> Problem requirements: From the first line to the last, return the data exactly, with no pictures.

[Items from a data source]
--- START ---
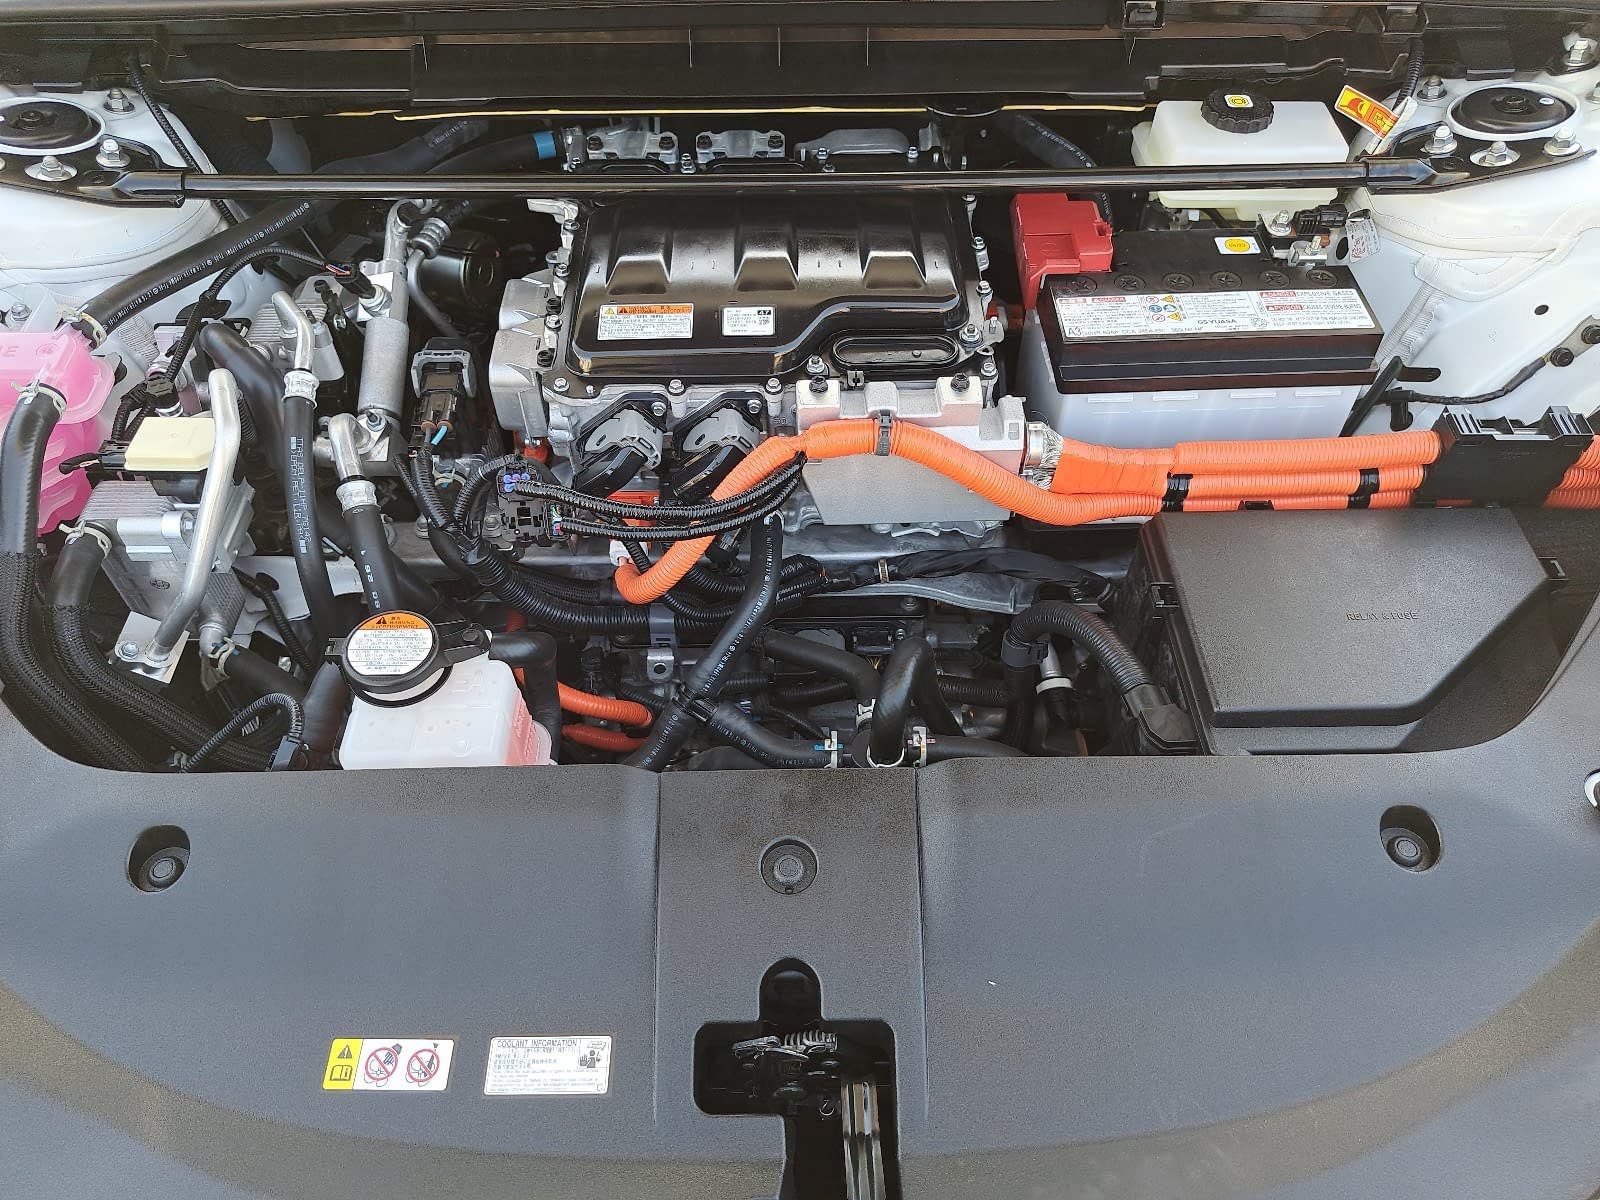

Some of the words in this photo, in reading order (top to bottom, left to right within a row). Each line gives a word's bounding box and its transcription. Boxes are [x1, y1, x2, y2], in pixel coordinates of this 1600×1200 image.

[1068, 327, 1081, 337] A3
[1346, 612, 1379, 621] RELAY
[1391, 611, 1420, 620] FUSE
[497, 1039, 528, 1048] COOLANT
[531, 1039, 578, 1048] INFORMATION
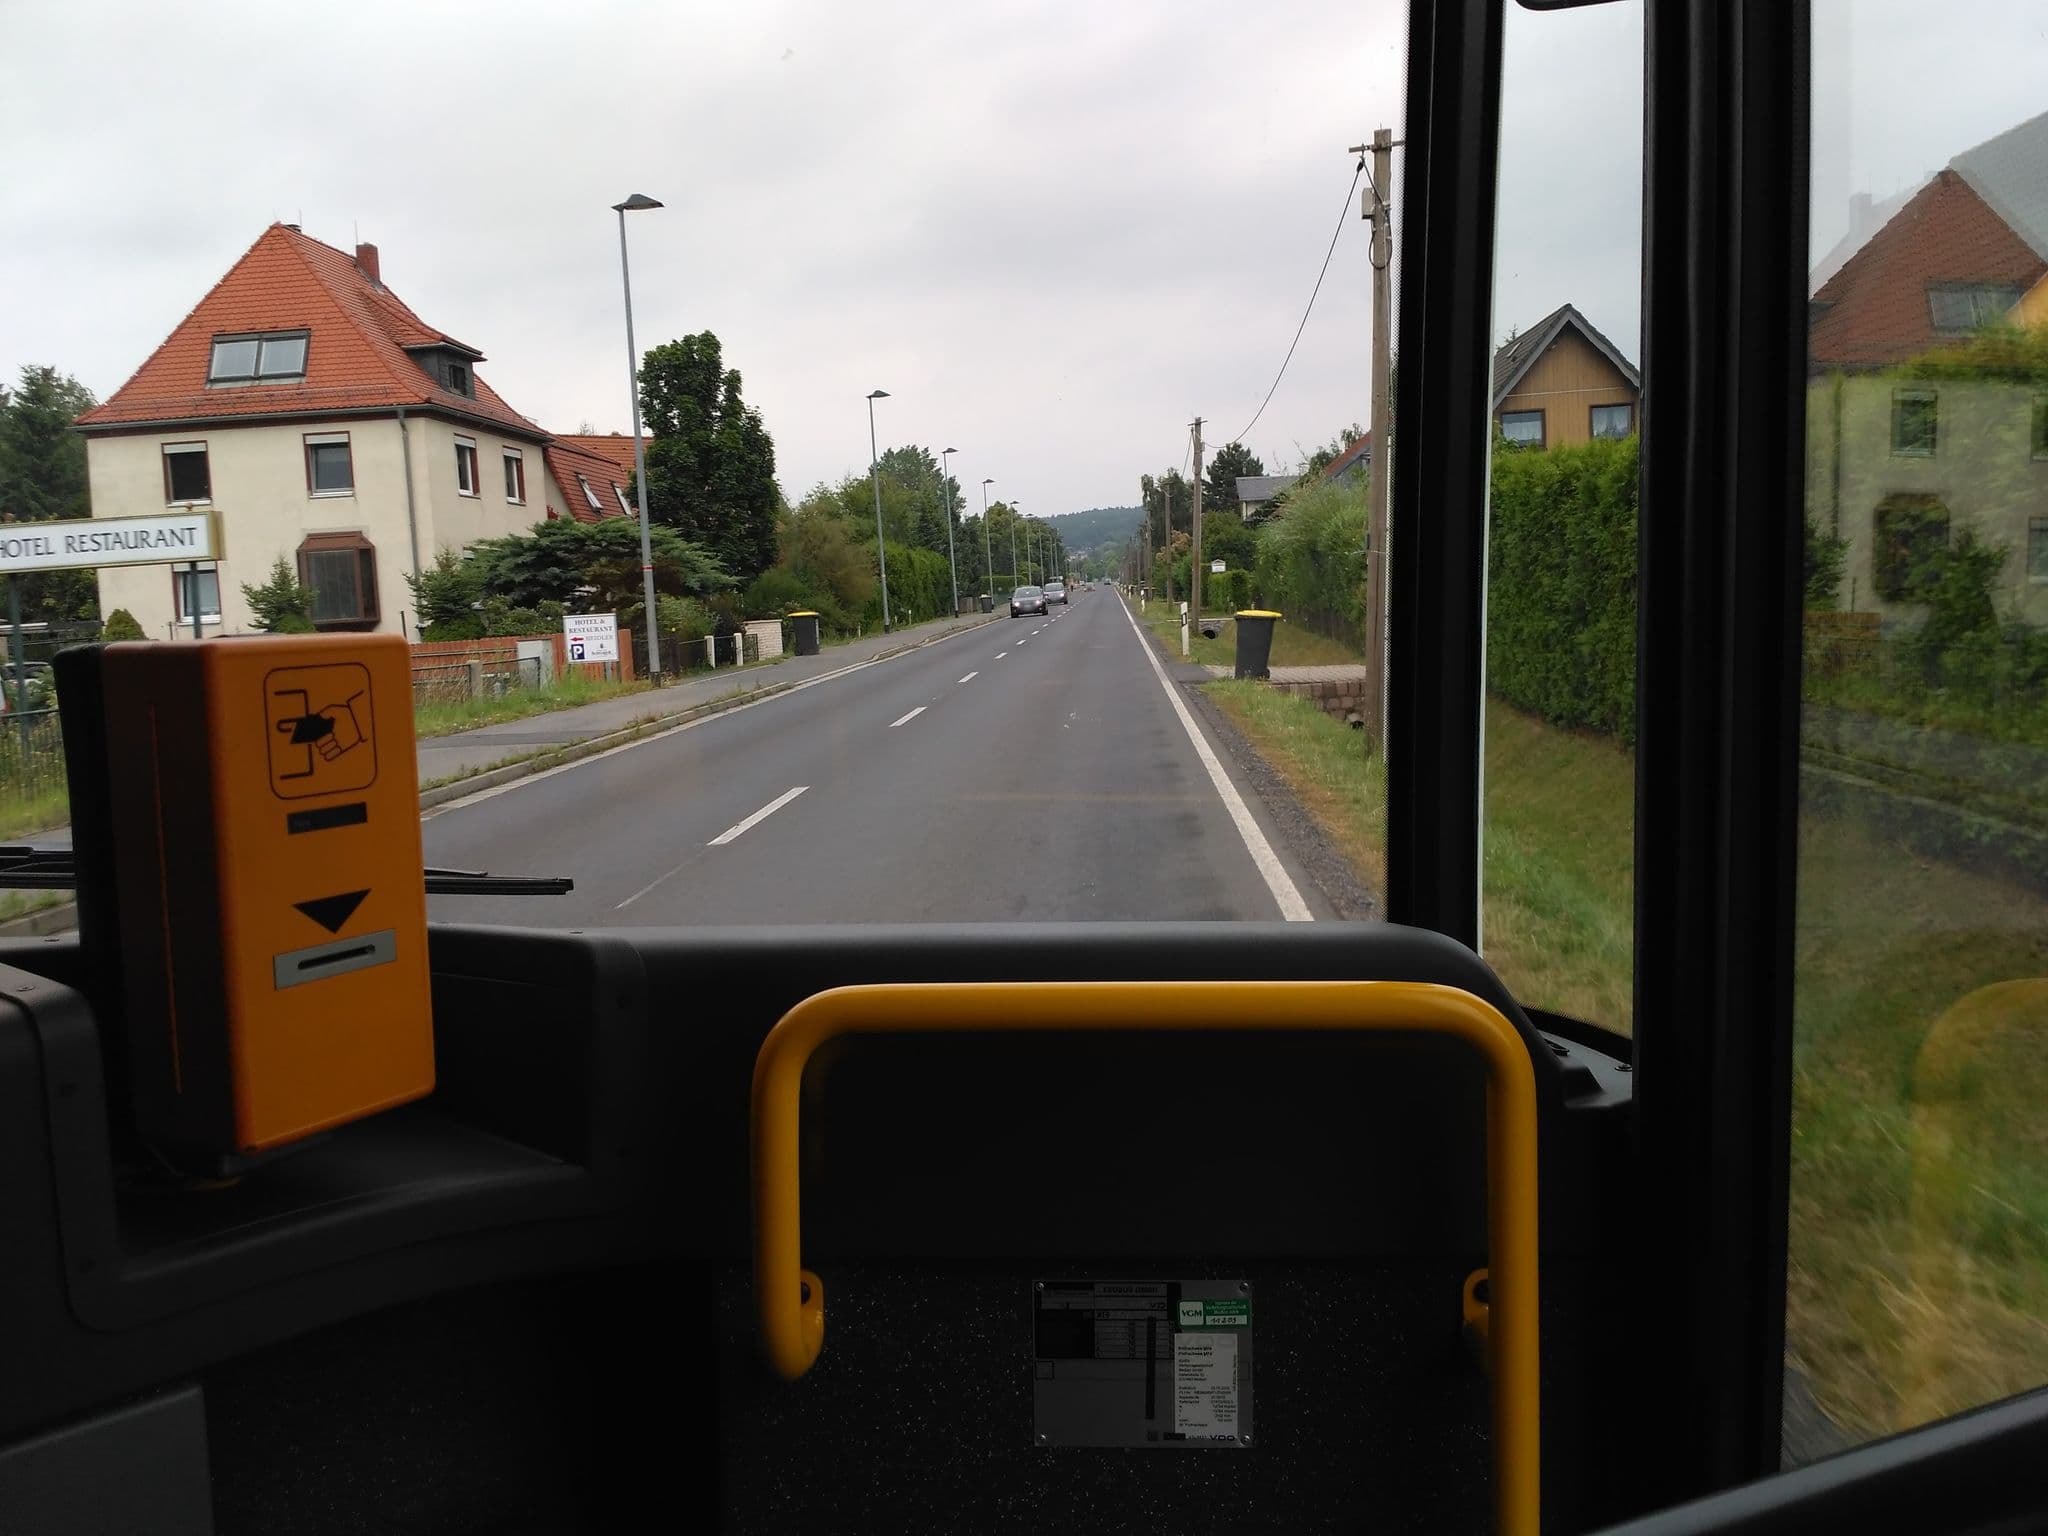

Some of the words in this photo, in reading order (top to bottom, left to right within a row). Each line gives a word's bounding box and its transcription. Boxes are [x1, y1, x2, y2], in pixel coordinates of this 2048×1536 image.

[66, 527, 197, 554] RESTAURANT
[573, 645, 583, 659] P
[1182, 1309, 1203, 1318] VGM
--- END ---
> Solution:
Some of the words in this photo, in reading order (top to bottom, left to right within a row). Each line gives a word's bounding box and its transcription. Boxes are [x1, y1, x2, y2], in pixel coordinates of this 1600×1200 image.

[1068, 327, 1081, 337] A3
[1346, 612, 1379, 621] RELAY
[1391, 611, 1420, 620] FUSE
[497, 1039, 528, 1048] COOLANT
[531, 1039, 578, 1048] INFORMATION

Some of the words in this photo, in reading order (top to bottom, left to right within a row). Each line gives a word's bounding box and its transcription. Boxes are [x1, y1, x2, y2], in pixel coordinates of this 2048×1536 image.

[66, 527, 197, 554] RESTAURANT
[573, 645, 583, 659] P
[1182, 1309, 1203, 1318] VGM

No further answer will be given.